= WHAT YOU WILL DO =
The data should be written out in full, exactly as it stands, and the pictures dropped.

= RECORDS SHOWN =
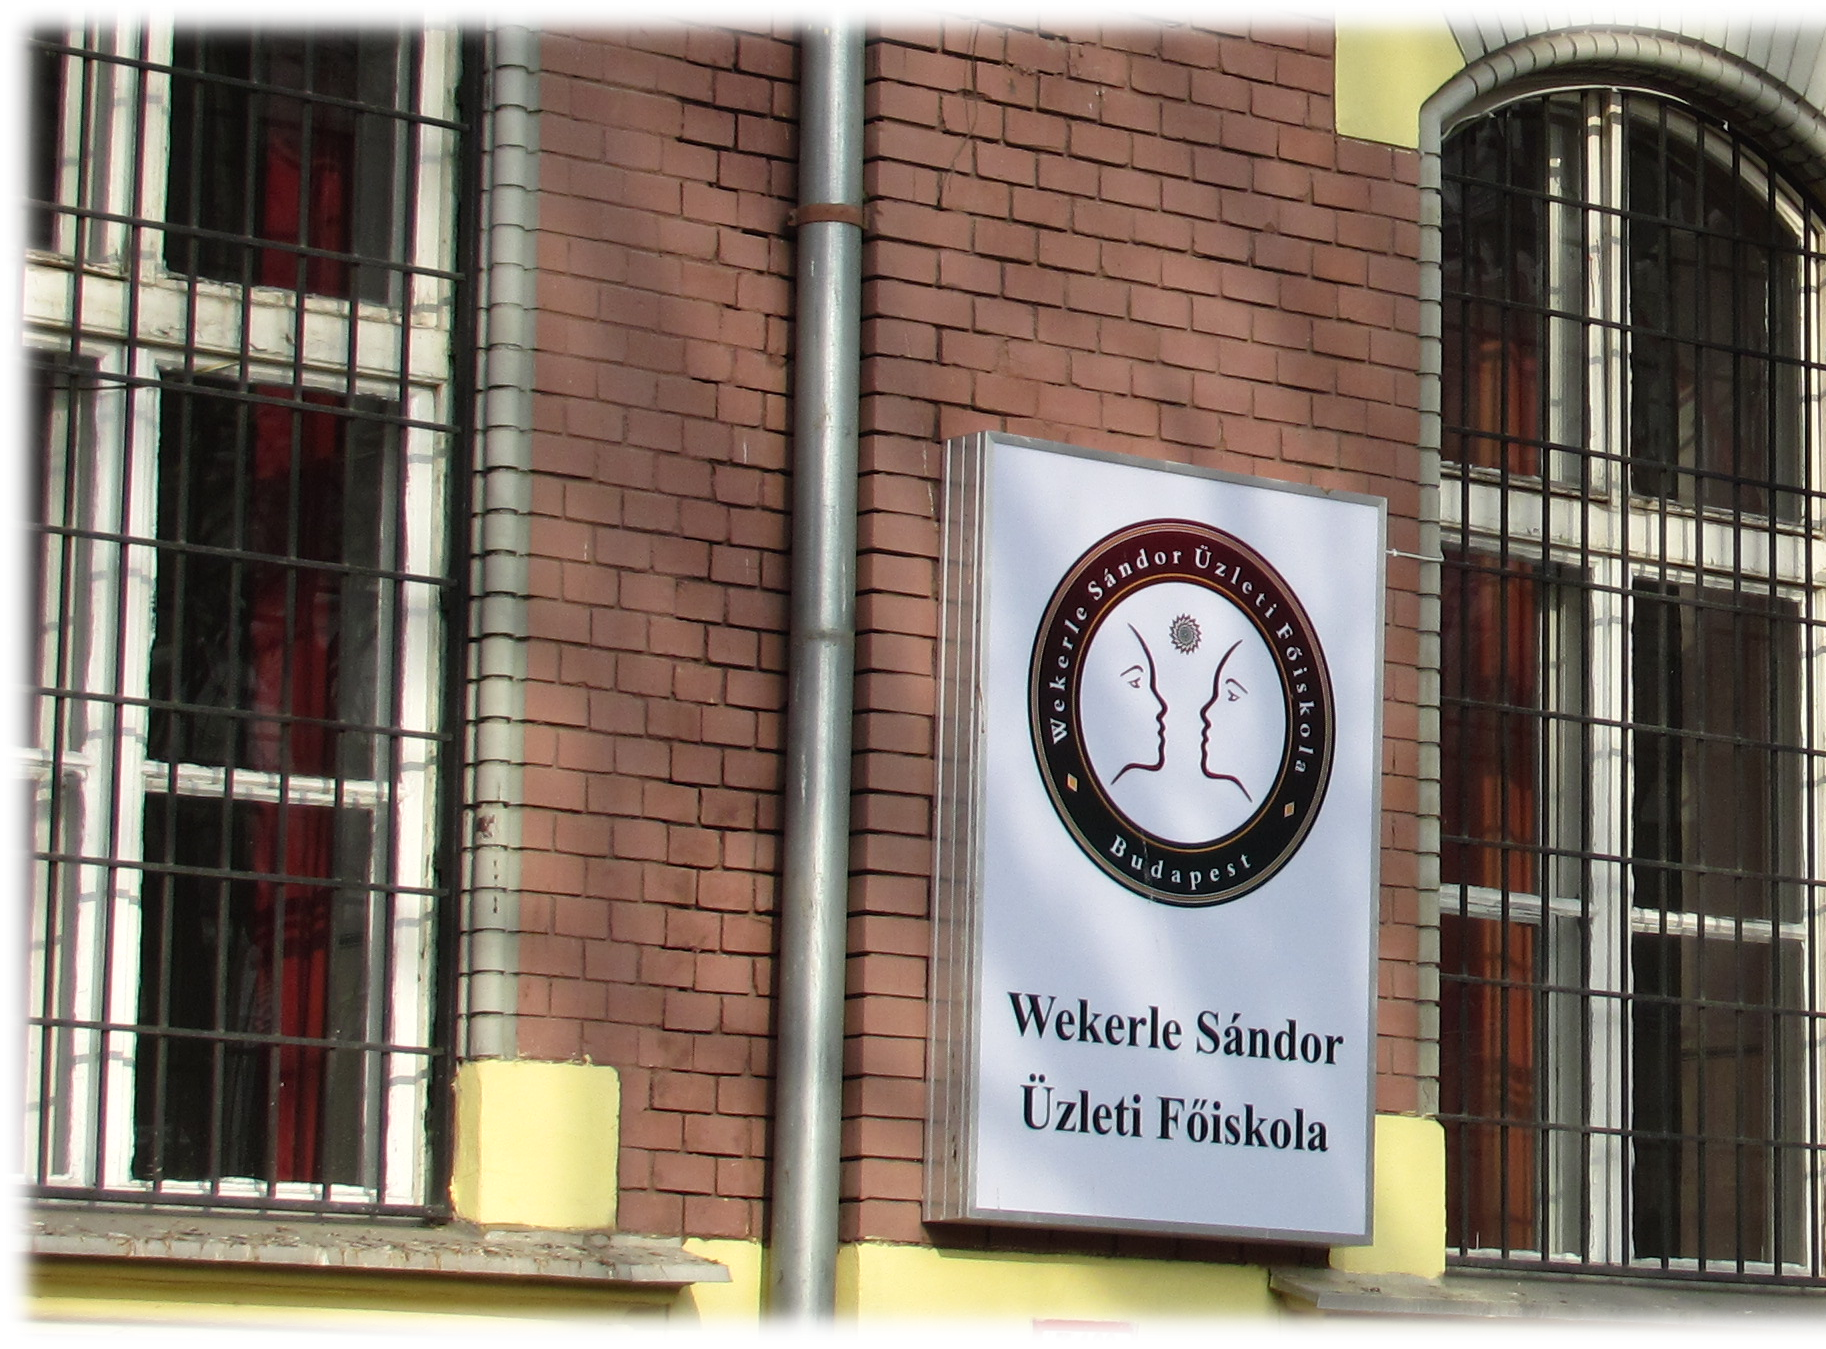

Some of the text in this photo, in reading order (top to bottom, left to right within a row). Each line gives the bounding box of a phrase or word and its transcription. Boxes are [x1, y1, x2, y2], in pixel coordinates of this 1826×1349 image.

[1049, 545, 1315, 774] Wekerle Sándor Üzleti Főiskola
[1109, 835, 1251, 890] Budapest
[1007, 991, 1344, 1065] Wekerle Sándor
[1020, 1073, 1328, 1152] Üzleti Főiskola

= RESPONSE AREA =
Some of the text in this photo, in reading order (top to bottom, left to right within a row). Each line gives the bounding box of a phrase or word and its transcription. Boxes are [x1, y1, x2, y2], in pixel coordinates of this 1826×1349 image.

[1049, 545, 1315, 774] Wekerle Sándor Üzleti Főiskola
[1109, 835, 1251, 890] Budapest
[1007, 991, 1344, 1065] Wekerle Sándor
[1020, 1073, 1328, 1152] Üzleti Főiskola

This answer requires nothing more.